Gerson Bautista (born May 31, 1995) is a Dominican professional baseball pitcher who is a free agent. He has previously played in Major League Baseball (MLB) for the New York Mets and Seattle Mariners. He made his MLB debut in 2018.

==Career==
===Boston Red Sox===
Bautista signed with the Boston Red Sox as an international free agent in April 2013. He made his professional debut with the Dominican Summer League Red Sox in 2014 and spent the whole season there, posting a 2–1 record and 1.03 ERA in 13 games (12 starts). He spent 2015 with the Gulf Coast League Red Sox where he was 3–3 with a 2.77 ERA in 12 games (11 starts), and 2016 with the Lowell Spinners and Greenville Drive, posting a combined 1–4 record, 2.55 ERA, and 1.08 WHIP in 23 total appearances out of the bullpen between the two teams. Bautista began 2017 with the Salem Red Sox.

===New York Mets===
On July 31, 2017, the Red Sox traded him along with Jamie Callahan and Stephen Nogosek to the New York Mets for Addison Reed. New York assigned him to the St. Lucie Mets and he finished the season there. In 37 total relief appearances between Salem and St. Lucie, he was 3–3 with a 4.22 ERA and 73 strikeouts in 59.2 innings. The Mets added him to their 40-man roster after the 2017 season.

Bautista started 2018 with the Binghamton Rumble Ponies before being promoted to the Las Vegas 51s. He was recalled by the Mets and made his Major League debut on April 17, 2018.

===Seattle Mariners===
On December 3, 2018, the Mets traded Bautista, Jay Bruce, Jarred Kelenic, Anthony Swarzak, and Justin Dunn to the Seattle Mariners for Edwin Díaz, Robinson Canó, and $20 million. He appeared in 8 games for Seattle in 2019, struggling to an 11.00 ERA with 7 strikeouts over 9 innings pitched.
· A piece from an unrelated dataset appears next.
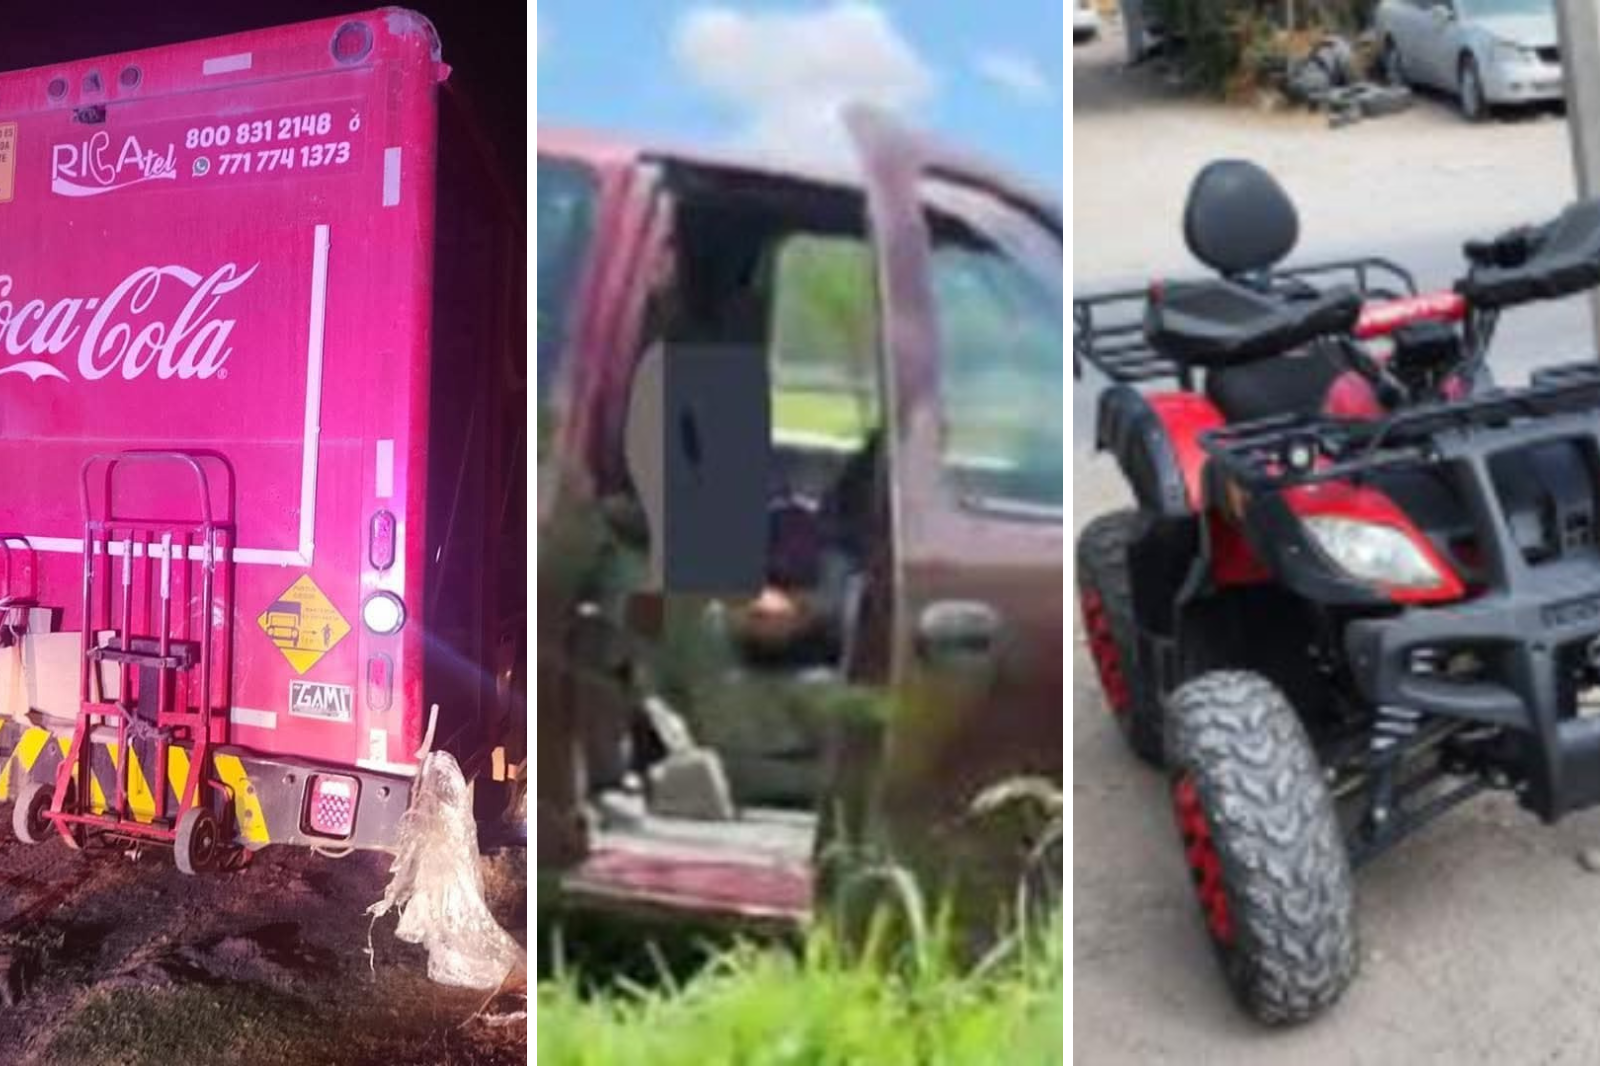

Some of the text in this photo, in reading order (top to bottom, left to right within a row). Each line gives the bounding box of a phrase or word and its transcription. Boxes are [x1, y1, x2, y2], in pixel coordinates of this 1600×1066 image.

[185, 125, 231, 149] 800
[236, 120, 273, 145] 831
[277, 112, 332, 140] 2148
[218, 141, 350, 175] 771 774 1373
Bautista did not appear for Seattle in 2020, and did not pitch in the minor leagues due to the cancellation of the minor league season because of the COVID-19 pandemic. On October 23, 2020, Bautista was removed from the 40–man roster and sent outright to the Triple–A Tacoma Rainiers. He became a free agent on November 2.
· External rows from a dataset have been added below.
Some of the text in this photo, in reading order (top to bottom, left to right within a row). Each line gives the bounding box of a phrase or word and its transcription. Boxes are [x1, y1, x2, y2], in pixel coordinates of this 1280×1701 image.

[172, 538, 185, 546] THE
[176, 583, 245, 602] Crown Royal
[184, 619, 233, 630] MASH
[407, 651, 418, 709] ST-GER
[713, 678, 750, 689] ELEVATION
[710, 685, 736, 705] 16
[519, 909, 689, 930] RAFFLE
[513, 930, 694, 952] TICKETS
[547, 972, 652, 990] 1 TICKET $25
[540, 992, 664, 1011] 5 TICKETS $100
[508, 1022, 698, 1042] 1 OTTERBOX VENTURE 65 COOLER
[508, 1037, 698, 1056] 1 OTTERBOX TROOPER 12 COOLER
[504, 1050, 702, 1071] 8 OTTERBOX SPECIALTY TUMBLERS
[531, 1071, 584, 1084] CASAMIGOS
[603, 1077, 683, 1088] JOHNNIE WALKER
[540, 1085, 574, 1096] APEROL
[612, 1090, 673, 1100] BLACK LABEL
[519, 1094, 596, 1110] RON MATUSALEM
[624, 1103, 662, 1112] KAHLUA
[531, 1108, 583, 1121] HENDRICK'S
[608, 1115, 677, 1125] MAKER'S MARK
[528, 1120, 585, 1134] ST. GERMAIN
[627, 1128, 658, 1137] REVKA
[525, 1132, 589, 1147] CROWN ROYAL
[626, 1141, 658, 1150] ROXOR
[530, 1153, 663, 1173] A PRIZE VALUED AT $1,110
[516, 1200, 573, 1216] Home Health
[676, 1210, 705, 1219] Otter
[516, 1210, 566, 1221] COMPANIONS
On November 5, 2020, Bautista re-signed with the Mariners on a minor league contract. He was released prior to the start of the season on March 22, 2021.

===Diablos Rojos del México===
On April 22, 2021, Bautista signed with the Diablos Rojos del México of the Mexican League. In 22 appearances out of the bullpen, Bautista posted a 1.99 ERA and 27 strikeouts over 22 2/3 innings.

===San Francisco Giants===
On July 19, 2021, Bautista's contract was purchased by the San Francisco Giants organization and he was assigned to the Triple-A Sacramento River Cats. Bautista made 9 appearances for Sacramento, going 1–3 with an ERA of 9.00 and striking out 10. On August 29, Bautista was released by the Giants.

===Diablos Rojos del México (second stint)===
On February 10, 2022, Bautista re-signed with the Diablos Rojos del México. He struggled immensely to a 38.57 ERA with 2 strikeouts in 2 1/3 innings pitched.

===Mariachis de Guadalajara===
On May 2, 2022, Bautista was traded to the Mariachis de Guadalajara. In 5 appearances, he posted an 0–2 record with a 22.85 ERA and 3 strikeouts. Bautista was released on May 14.

===Toros de Tijuana===
On May 2, 2023, Bautista signed with the Toros de Tijuana. On May 18, Bautista was fined and suspended by the league for 10 games. The suspension came after Bautista was ejected in a game against the Rieleros de Aguascalientes when a foreign substance was discovered on his glove. In 22 relief appearances, he posted a 1–1 record with a 3.48 ERA and 23 strikeouts over 20 2/3 innings. Bautista was released on June 26.

===Sultanes de Monterrey===
On August 1, 2023, Bautista signed with the Sultanes de Monterrey of the Mexican League. He made two appearances for Monterrey and didn't allow a run while striking out one batter in two innings of work.

===Conspiradores de Querétaro===
On April 10, 2024, Bautista signed with the Conspiradores de Querétaro of the Mexican League. In 39 appearances for Querétaro, he compiled a 4–3 record and 7.39 ERA with 30 strikeouts and 3 saves across 35 1/3 innings pitched. Bautista was released by the Conspiradores on February 18, 2025.